A academia é um ambiente totalmente seguro?
Em ambientes fechados, aglomerados e pouco ventilados —nos quais se enquadram boa parcela das academias—, é maior o risco de transmissão do vírus da covid-19. Soma-se a isso o fato de que o esforço físico aumenta a quantidade expelida de gotículas, que podem conter partículas virais, elevando a probabilidade de infecção.
Em uma academia de Chicago (EUA), por exemplo, 68% dos usuários foram infectados em curto intervalo. Surtos em aulas de dança, bike spinning e squash também foram documentados.
Para mitigar o risco de infecção nesses locais —que são consensualmente reconhecidos como não seguros—, cientistas recomendam o uso de máscaras durante a prática de exercícios.
Máscaras prejudicam o desempenho físico?
No ano passado, cientistas canadenses revisaram sistematicamente os estudos que abordaram a questão.
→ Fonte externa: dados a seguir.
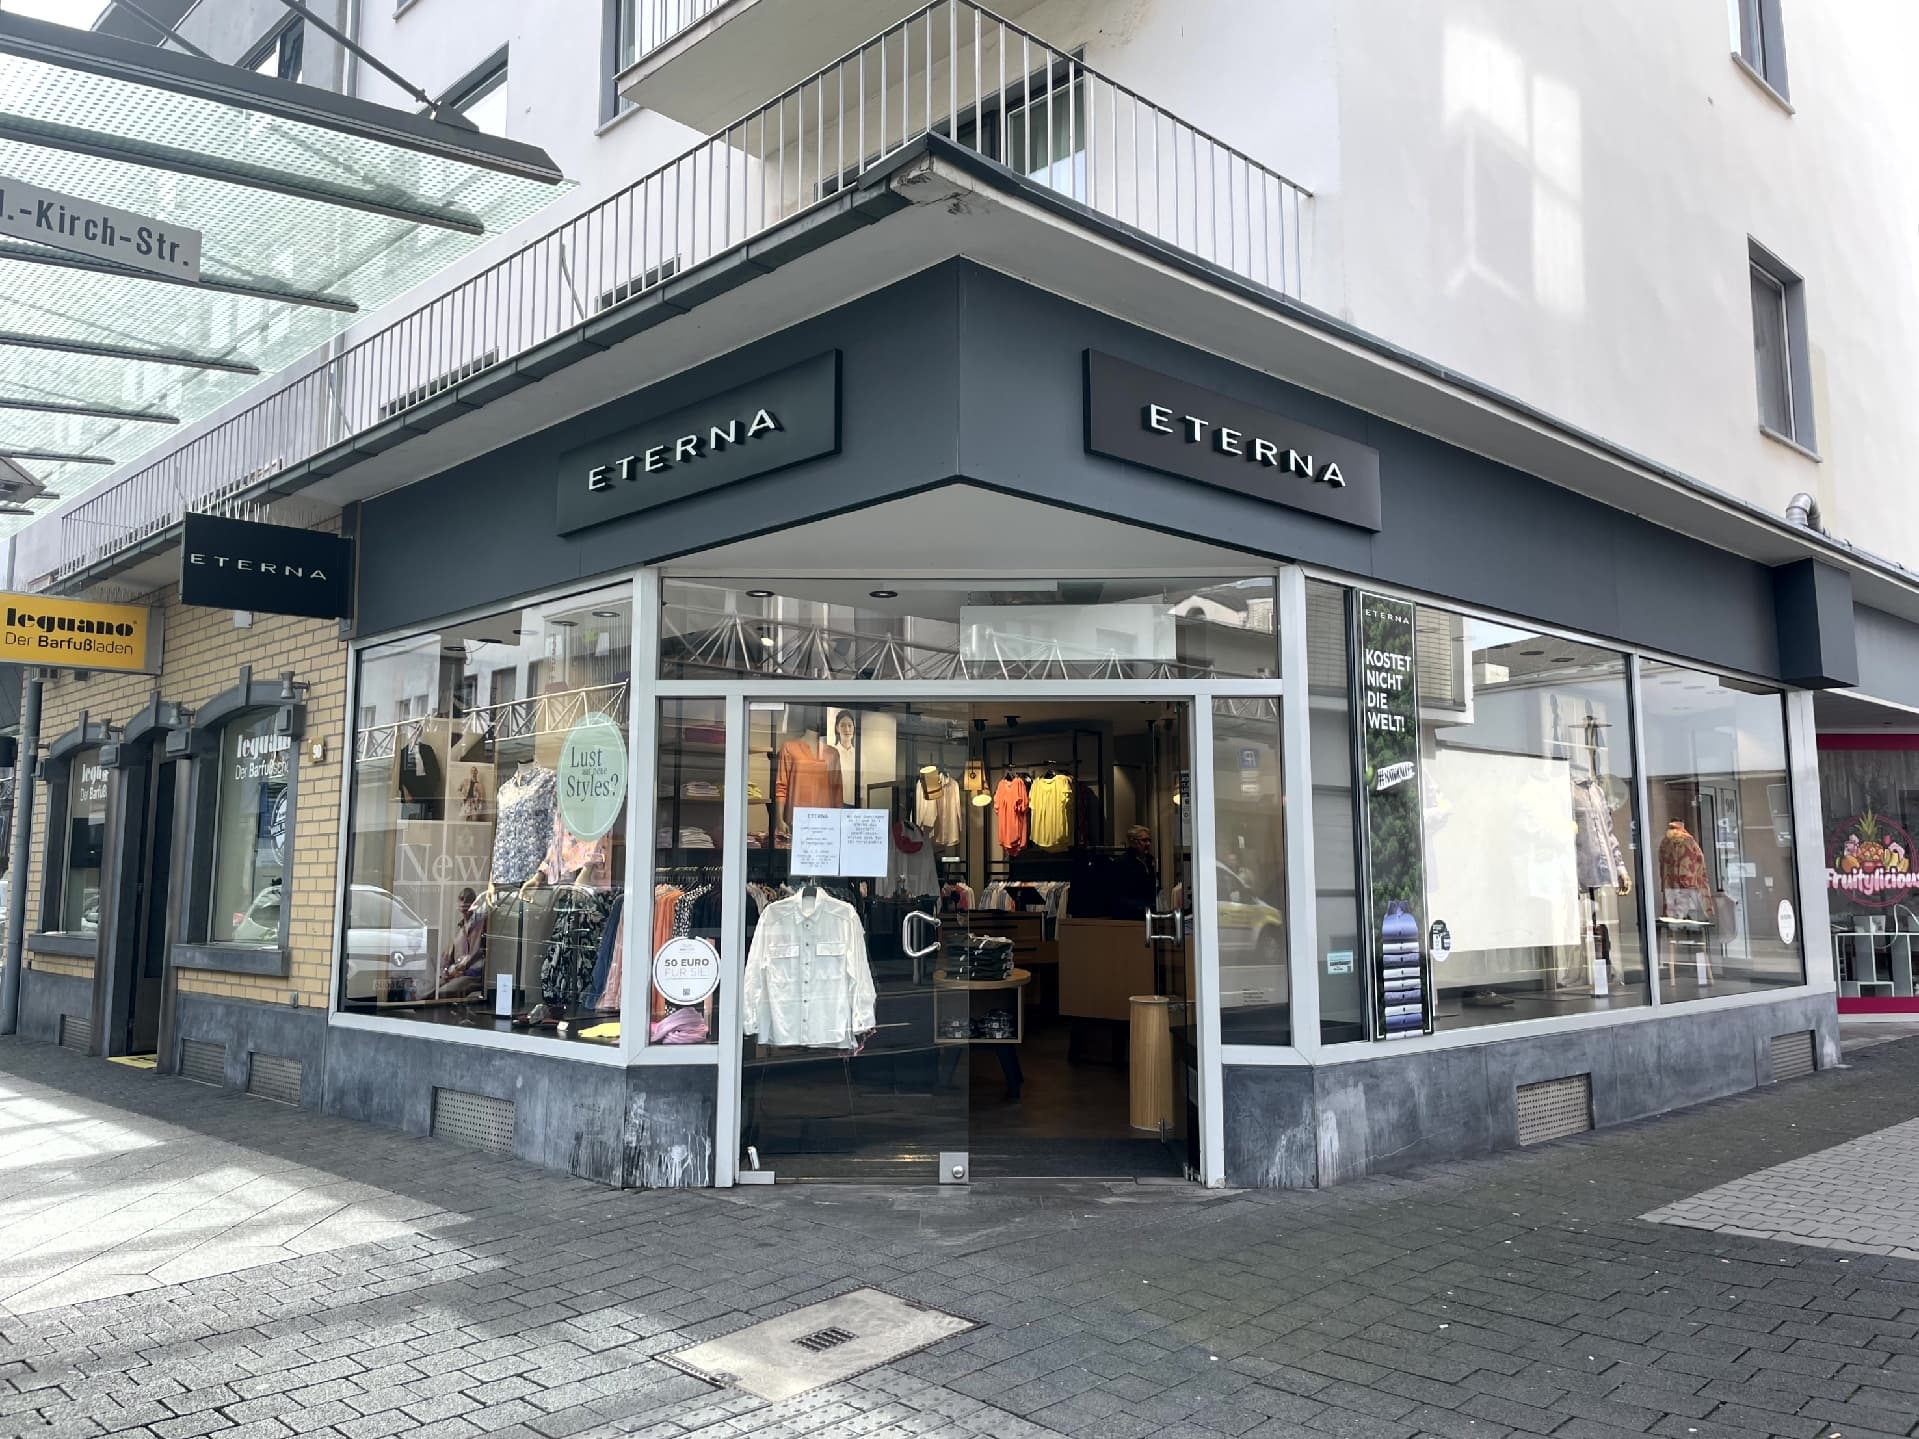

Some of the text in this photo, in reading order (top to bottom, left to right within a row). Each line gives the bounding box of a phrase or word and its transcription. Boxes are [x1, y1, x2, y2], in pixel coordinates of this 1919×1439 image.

Vinte e dois trabalhos envolvendo mais de 1.500 participantes foram incluídos na análise. Os resultados apontaram que o uso de máscaras ou respiradores (PFF2 ou N95) não prejudicam o desempenho físico, embora aumentem a percepção de esforço e dificultem a respiração.
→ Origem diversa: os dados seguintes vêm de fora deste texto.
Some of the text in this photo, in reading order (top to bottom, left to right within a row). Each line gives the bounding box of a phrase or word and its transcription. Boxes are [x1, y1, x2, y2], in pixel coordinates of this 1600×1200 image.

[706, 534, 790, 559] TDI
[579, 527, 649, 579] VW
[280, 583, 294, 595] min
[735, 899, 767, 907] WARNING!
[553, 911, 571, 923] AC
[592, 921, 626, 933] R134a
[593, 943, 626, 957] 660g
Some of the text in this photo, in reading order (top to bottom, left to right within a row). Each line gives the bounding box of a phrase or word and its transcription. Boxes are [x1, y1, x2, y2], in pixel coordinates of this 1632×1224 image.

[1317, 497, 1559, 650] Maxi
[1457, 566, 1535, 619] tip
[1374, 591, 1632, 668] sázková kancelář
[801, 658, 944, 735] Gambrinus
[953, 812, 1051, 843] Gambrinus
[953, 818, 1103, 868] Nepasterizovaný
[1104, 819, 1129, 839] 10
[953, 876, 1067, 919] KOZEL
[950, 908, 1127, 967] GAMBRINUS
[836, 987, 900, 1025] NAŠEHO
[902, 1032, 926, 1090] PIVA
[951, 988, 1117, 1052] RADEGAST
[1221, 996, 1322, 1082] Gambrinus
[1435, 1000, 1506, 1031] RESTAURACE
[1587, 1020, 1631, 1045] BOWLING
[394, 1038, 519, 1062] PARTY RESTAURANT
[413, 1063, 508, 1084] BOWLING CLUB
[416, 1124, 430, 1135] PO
Nosso grupo de pesquisa da USP (Universidade de São Paulo) também conduziu estudos sobre o tema. Num primeiro momento, demonstramos que o uso de máscara de tecido (que são eficazes) não prejudicou o desempenho no treinamento de atletas saltadores e corredores. Em seguida, observamos mínimas alterações respiratórias e cardiovasculares em não atletas e em sedentários durante o exercício com máscara. Recentemente, analisamos crianças saudáveis que se exercitaram com o item de segurança e não identificamos alterações relevantes nas respostas fisiológicas ou na sensação de cansaço.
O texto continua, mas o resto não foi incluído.